▸ **Aim of the exercise**: Drop the images; return everything else in the listing below exactly.

■ ■ ■

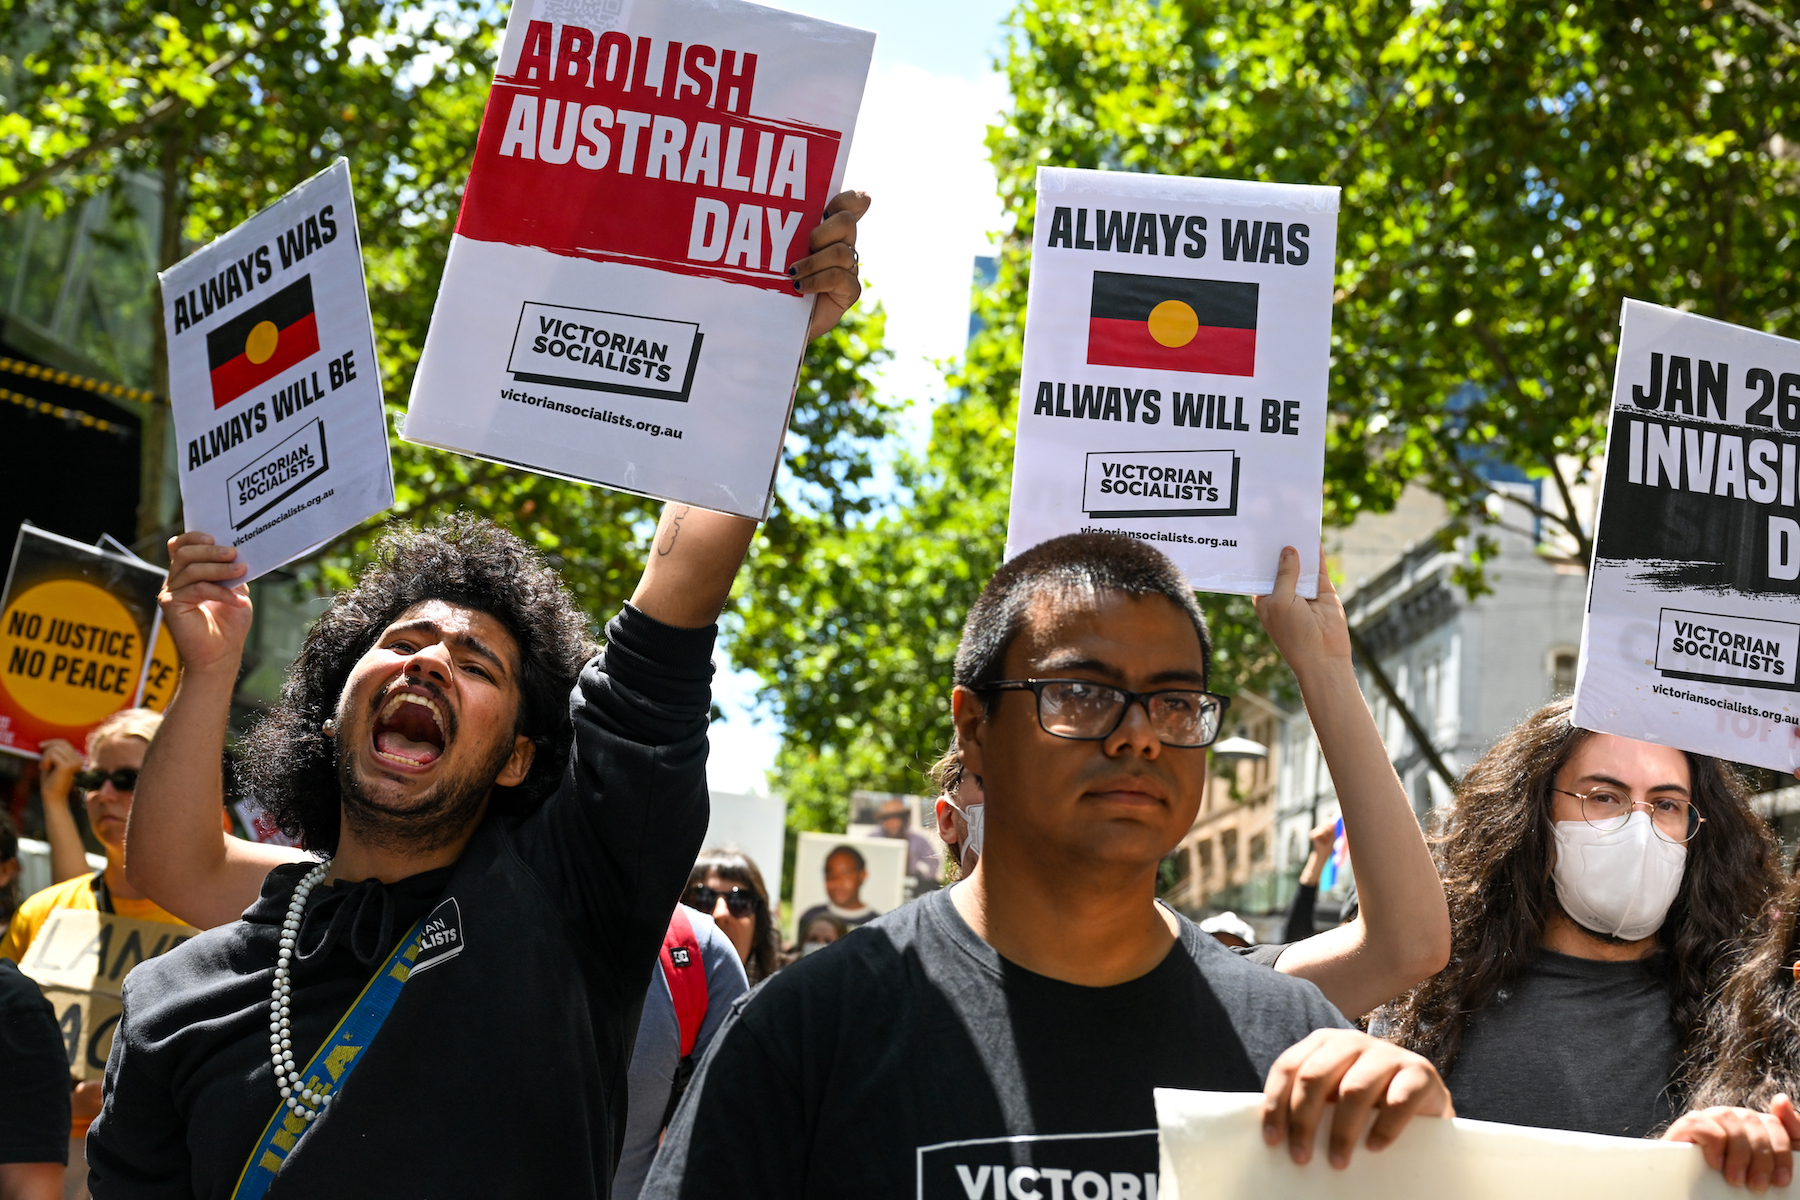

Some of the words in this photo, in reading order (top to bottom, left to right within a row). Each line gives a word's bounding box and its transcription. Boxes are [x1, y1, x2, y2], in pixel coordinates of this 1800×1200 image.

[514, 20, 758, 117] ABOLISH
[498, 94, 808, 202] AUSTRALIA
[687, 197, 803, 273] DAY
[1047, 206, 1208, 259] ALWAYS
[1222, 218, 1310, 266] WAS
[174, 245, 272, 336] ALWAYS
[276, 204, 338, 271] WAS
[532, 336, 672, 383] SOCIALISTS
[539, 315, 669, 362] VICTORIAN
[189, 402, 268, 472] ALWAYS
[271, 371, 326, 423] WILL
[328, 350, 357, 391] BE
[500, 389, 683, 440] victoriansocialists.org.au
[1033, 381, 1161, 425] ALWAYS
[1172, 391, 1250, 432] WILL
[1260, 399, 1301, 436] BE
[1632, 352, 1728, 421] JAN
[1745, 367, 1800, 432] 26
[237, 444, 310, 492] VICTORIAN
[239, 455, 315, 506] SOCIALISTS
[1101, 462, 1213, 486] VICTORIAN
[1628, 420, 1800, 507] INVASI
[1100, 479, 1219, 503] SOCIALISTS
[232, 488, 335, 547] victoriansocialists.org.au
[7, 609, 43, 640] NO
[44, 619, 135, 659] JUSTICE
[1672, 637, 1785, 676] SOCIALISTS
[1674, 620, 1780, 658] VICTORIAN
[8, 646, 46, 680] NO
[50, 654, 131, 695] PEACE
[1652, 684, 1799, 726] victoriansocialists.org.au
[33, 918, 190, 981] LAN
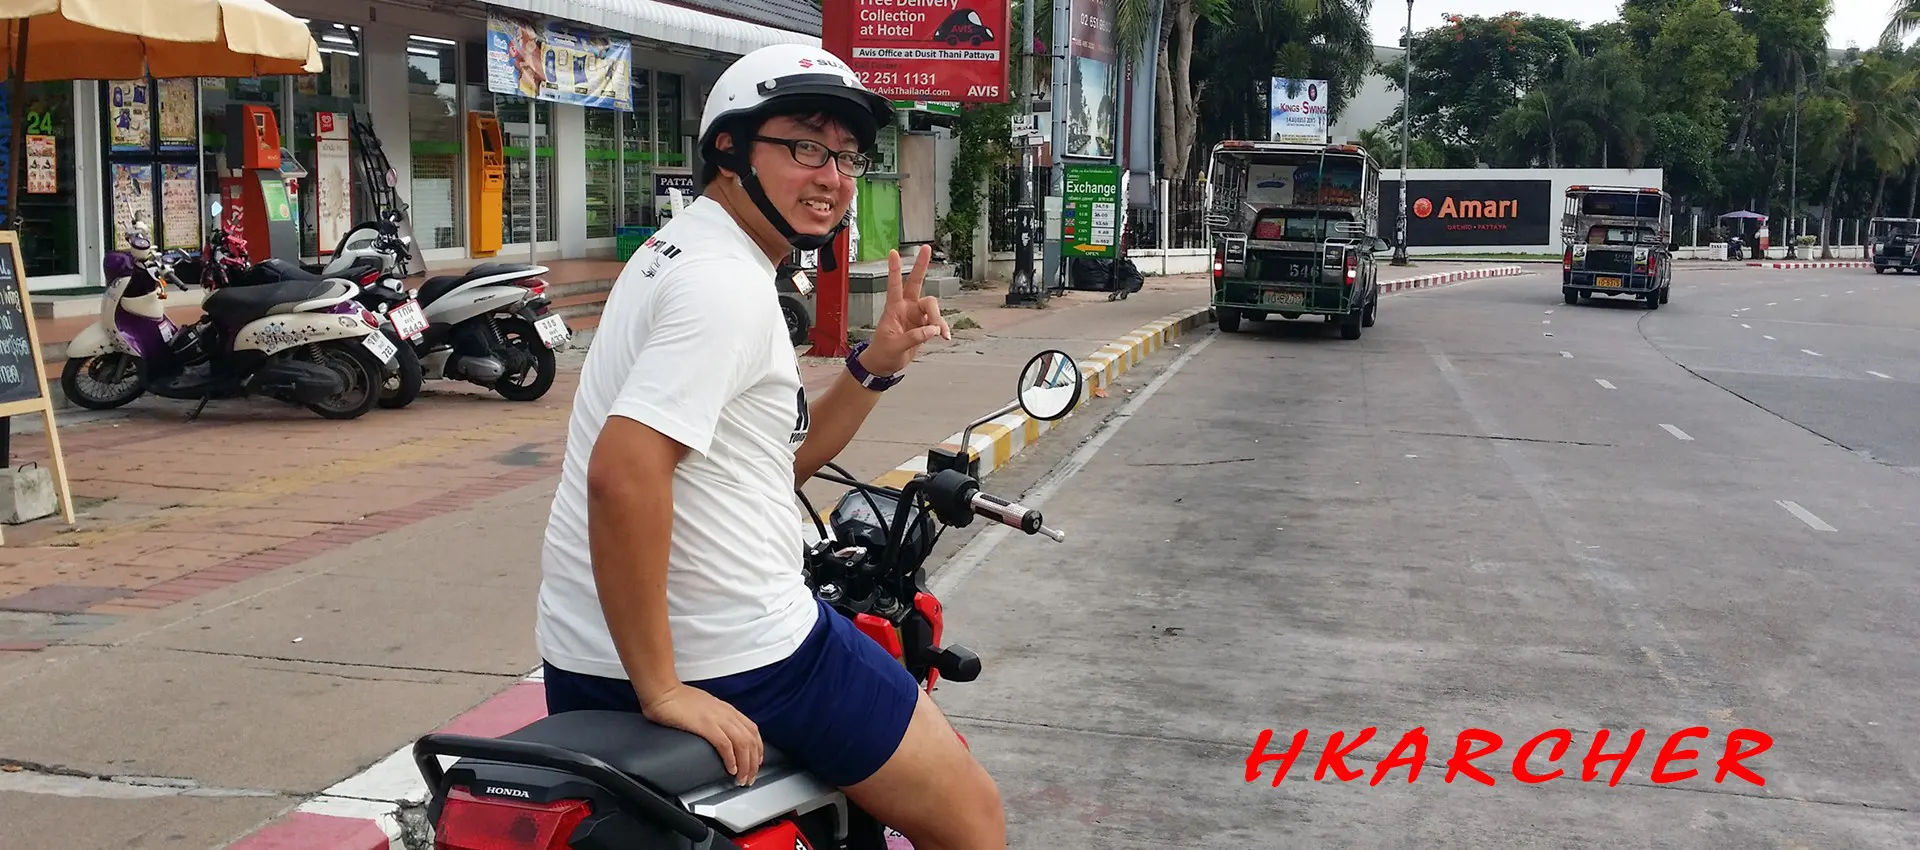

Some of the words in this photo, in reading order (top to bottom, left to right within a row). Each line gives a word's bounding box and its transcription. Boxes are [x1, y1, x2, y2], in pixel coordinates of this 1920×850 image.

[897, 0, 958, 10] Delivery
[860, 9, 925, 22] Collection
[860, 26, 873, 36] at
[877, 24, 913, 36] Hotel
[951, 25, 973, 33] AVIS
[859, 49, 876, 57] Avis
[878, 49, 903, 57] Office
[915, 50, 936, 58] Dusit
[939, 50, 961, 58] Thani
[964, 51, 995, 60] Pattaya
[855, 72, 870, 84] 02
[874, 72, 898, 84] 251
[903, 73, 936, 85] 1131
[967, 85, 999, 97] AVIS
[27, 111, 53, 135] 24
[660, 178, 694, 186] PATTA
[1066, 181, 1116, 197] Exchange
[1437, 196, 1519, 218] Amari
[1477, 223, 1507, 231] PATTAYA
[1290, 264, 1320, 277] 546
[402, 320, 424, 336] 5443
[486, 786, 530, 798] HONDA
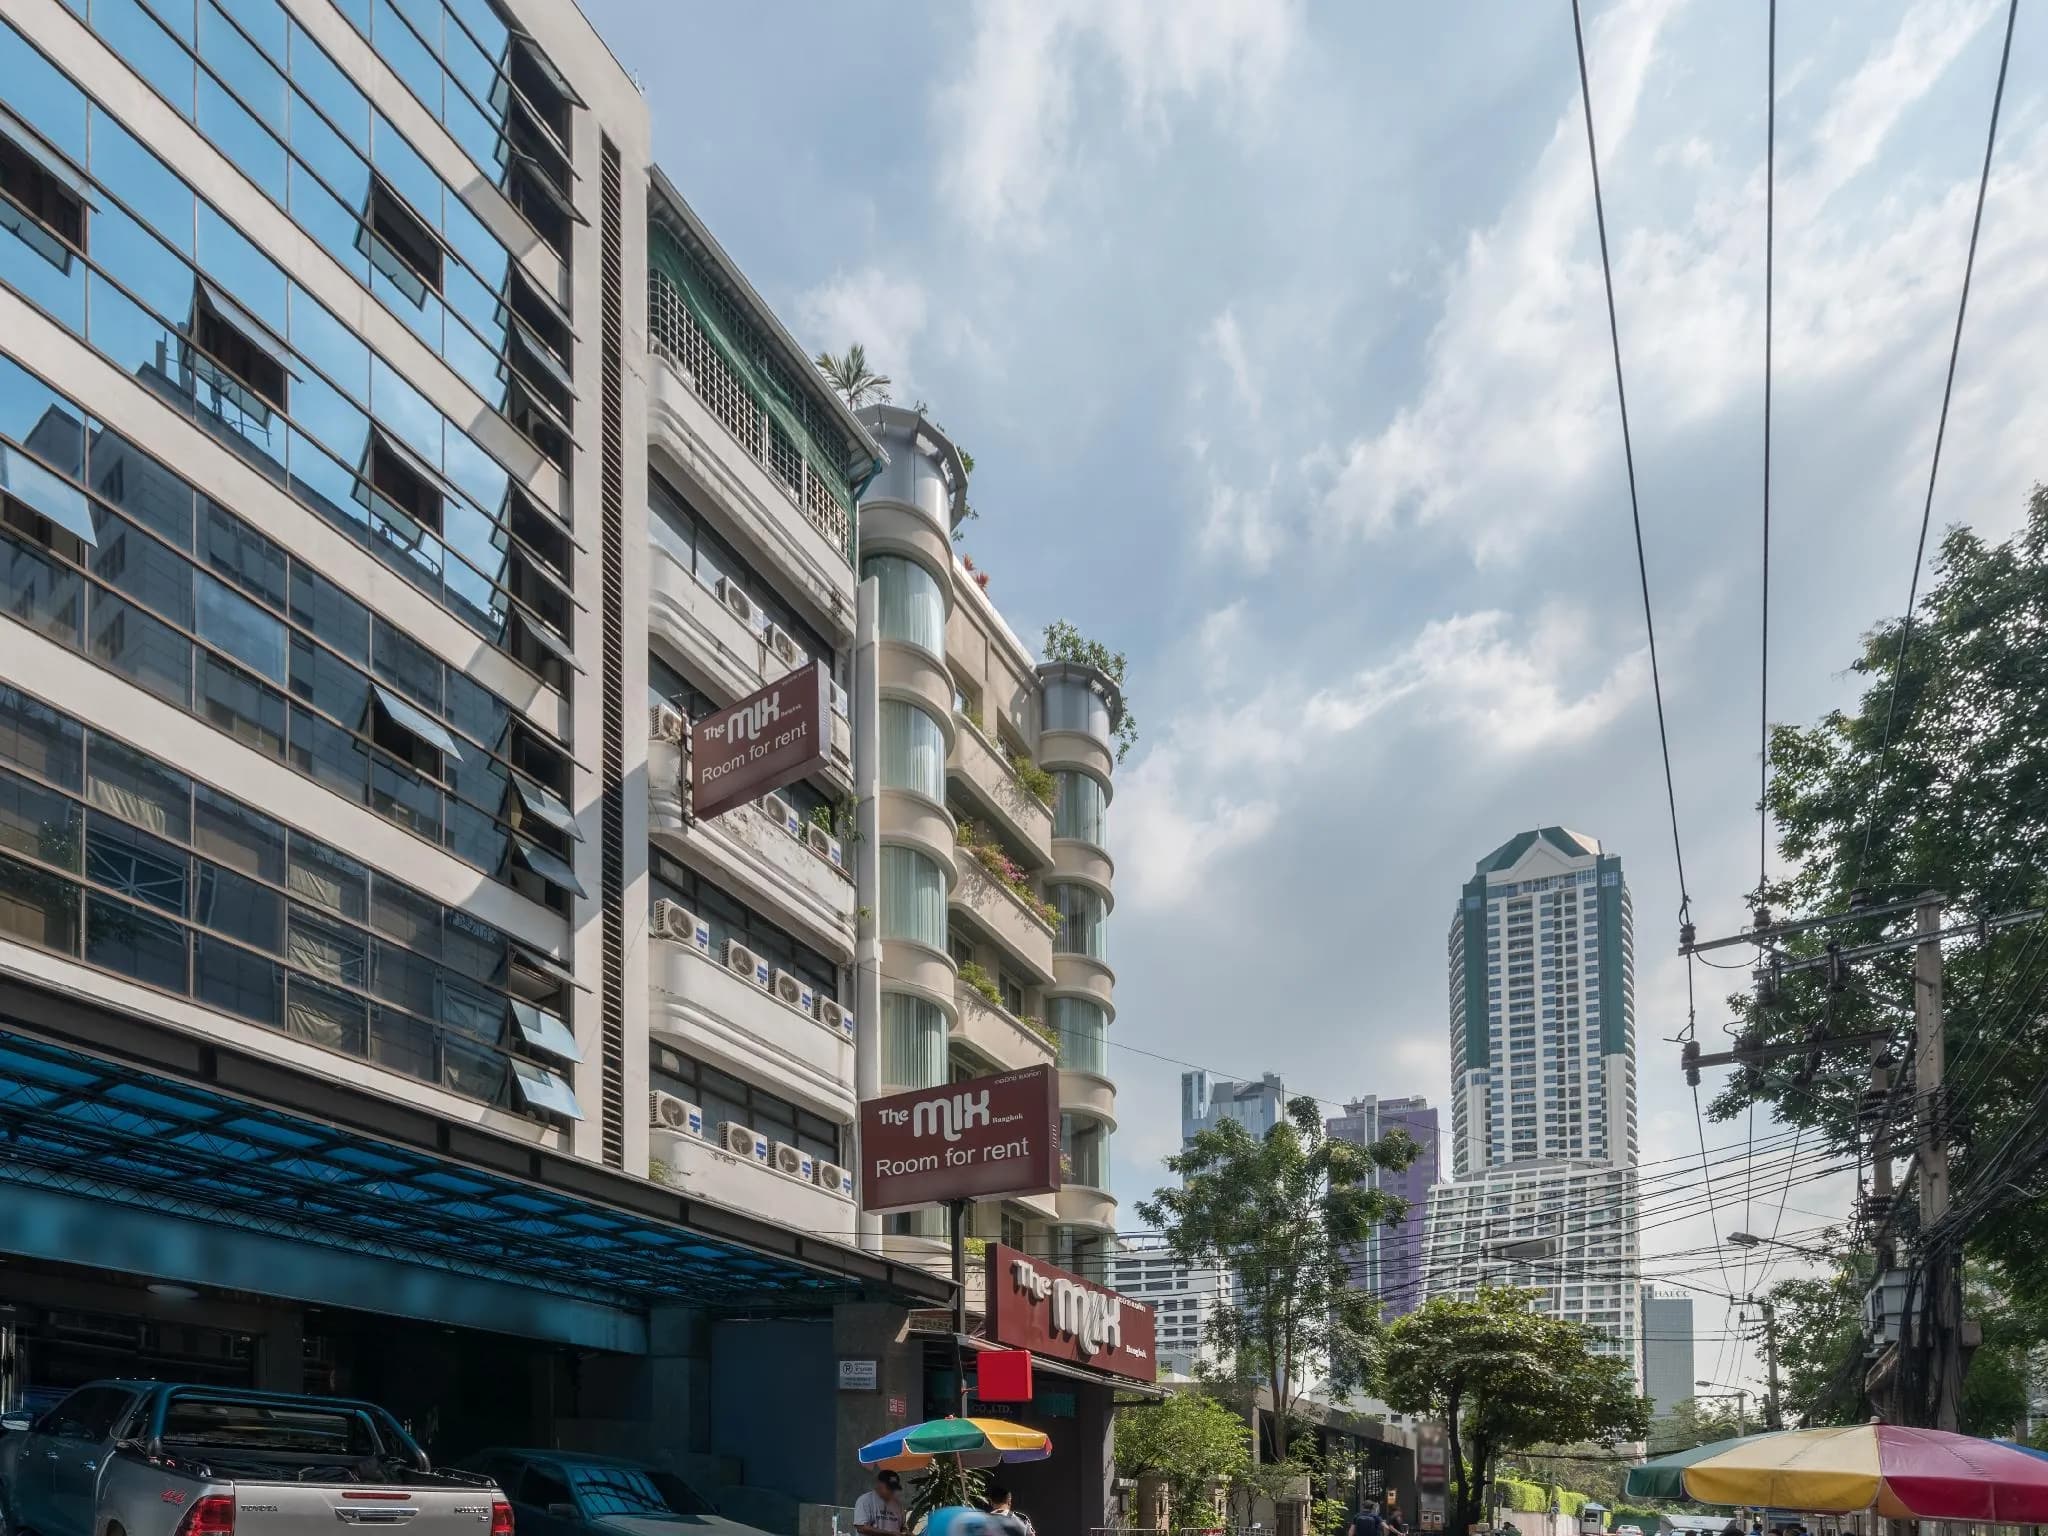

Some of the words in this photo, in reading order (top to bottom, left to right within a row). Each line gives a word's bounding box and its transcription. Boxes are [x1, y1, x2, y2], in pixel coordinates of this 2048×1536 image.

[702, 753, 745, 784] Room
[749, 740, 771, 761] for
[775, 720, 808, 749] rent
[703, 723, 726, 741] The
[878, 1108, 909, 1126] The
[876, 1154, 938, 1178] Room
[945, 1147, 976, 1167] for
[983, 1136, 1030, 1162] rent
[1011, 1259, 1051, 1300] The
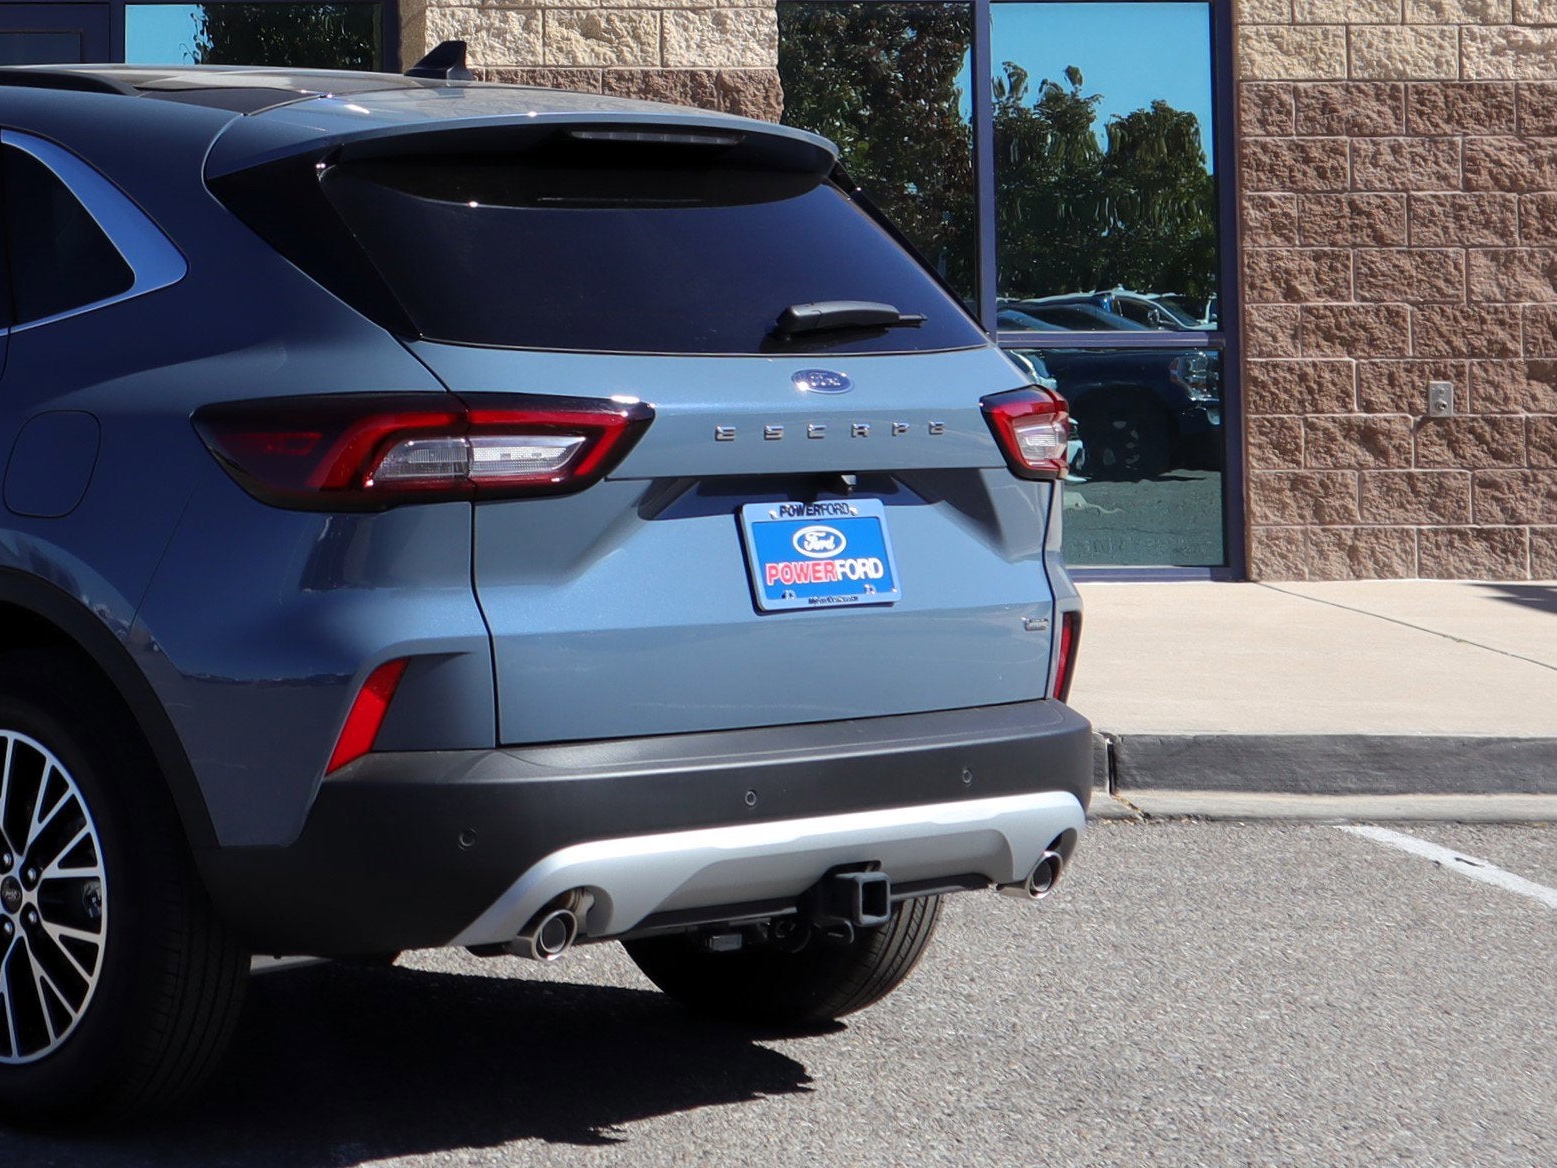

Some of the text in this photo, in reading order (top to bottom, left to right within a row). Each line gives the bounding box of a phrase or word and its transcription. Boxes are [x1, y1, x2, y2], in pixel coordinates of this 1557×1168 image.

■ ■ ■

▸ **Answer below**:
Some of the words in this photo, in reading order (top to bottom, left to right within a row). Each line gives a word's bounding box and its transcription. Boxes are [x1, y1, x2, y2], in pixel coordinates of this 1800×1200 image.

[514, 20, 758, 117] ABOLISH
[498, 94, 808, 202] AUSTRALIA
[687, 197, 803, 273] DAY
[1047, 206, 1208, 259] ALWAYS
[1222, 218, 1310, 266] WAS
[174, 245, 272, 336] ALWAYS
[276, 204, 338, 271] WAS
[532, 336, 672, 383] SOCIALISTS
[539, 315, 669, 362] VICTORIAN
[189, 402, 268, 472] ALWAYS
[271, 371, 326, 423] WILL
[328, 350, 357, 391] BE
[500, 389, 683, 440] victoriansocialists.org.au
[1033, 381, 1161, 425] ALWAYS
[1172, 391, 1250, 432] WILL
[1260, 399, 1301, 436] BE
[1632, 352, 1728, 421] JAN
[1745, 367, 1800, 432] 26
[237, 444, 310, 492] VICTORIAN
[239, 455, 315, 506] SOCIALISTS
[1101, 462, 1213, 486] VICTORIAN
[1628, 420, 1800, 507] INVASI
[1100, 479, 1219, 503] SOCIALISTS
[232, 488, 335, 547] victoriansocialists.org.au
[7, 609, 43, 640] NO
[44, 619, 135, 659] JUSTICE
[1672, 637, 1785, 676] SOCIALISTS
[1674, 620, 1780, 658] VICTORIAN
[8, 646, 46, 680] NO
[50, 654, 131, 695] PEACE
[1652, 684, 1799, 726] victoriansocialists.org.au
[33, 918, 190, 981] LAN

Some of the words in this photo, in reading order (top to bottom, left to right within a row). Each line gives a word's bounding box and its transcription. Boxes are [x1, y1, x2, y2], in pixel coordinates of this 1920×850 image.

[897, 0, 958, 10] Delivery
[860, 9, 925, 22] Collection
[860, 26, 873, 36] at
[877, 24, 913, 36] Hotel
[951, 25, 973, 33] AVIS
[859, 49, 876, 57] Avis
[878, 49, 903, 57] Office
[915, 50, 936, 58] Dusit
[939, 50, 961, 58] Thani
[964, 51, 995, 60] Pattaya
[855, 72, 870, 84] 02
[874, 72, 898, 84] 251
[903, 73, 936, 85] 1131
[967, 85, 999, 97] AVIS
[27, 111, 53, 135] 24
[660, 178, 694, 186] PATTA
[1066, 181, 1116, 197] Exchange
[1437, 196, 1519, 218] Amari
[1477, 223, 1507, 231] PATTAYA
[1290, 264, 1320, 277] 546
[402, 320, 424, 336] 5443
[486, 786, 530, 798] HONDA

Some of the words in this photo, in reading order (top to bottom, left to right within a row). Each line gives a word's bounding box and its transcription. Boxes are [x1, y1, x2, y2], in pixel coordinates of this 2048×1536 image.

[702, 753, 745, 784] Room
[749, 740, 771, 761] for
[775, 720, 808, 749] rent
[703, 723, 726, 741] The
[878, 1108, 909, 1126] The
[876, 1154, 938, 1178] Room
[945, 1147, 976, 1167] for
[983, 1136, 1030, 1162] rent
[1011, 1259, 1051, 1300] The

Some of the text in this photo, in reading order (top to bottom, left to right within a row). Each line gives the bounding box of a phrase or word and its transcription. Boxes are [x1, y1, x2, y2], in pixel coordinates of this 1557×1168 image.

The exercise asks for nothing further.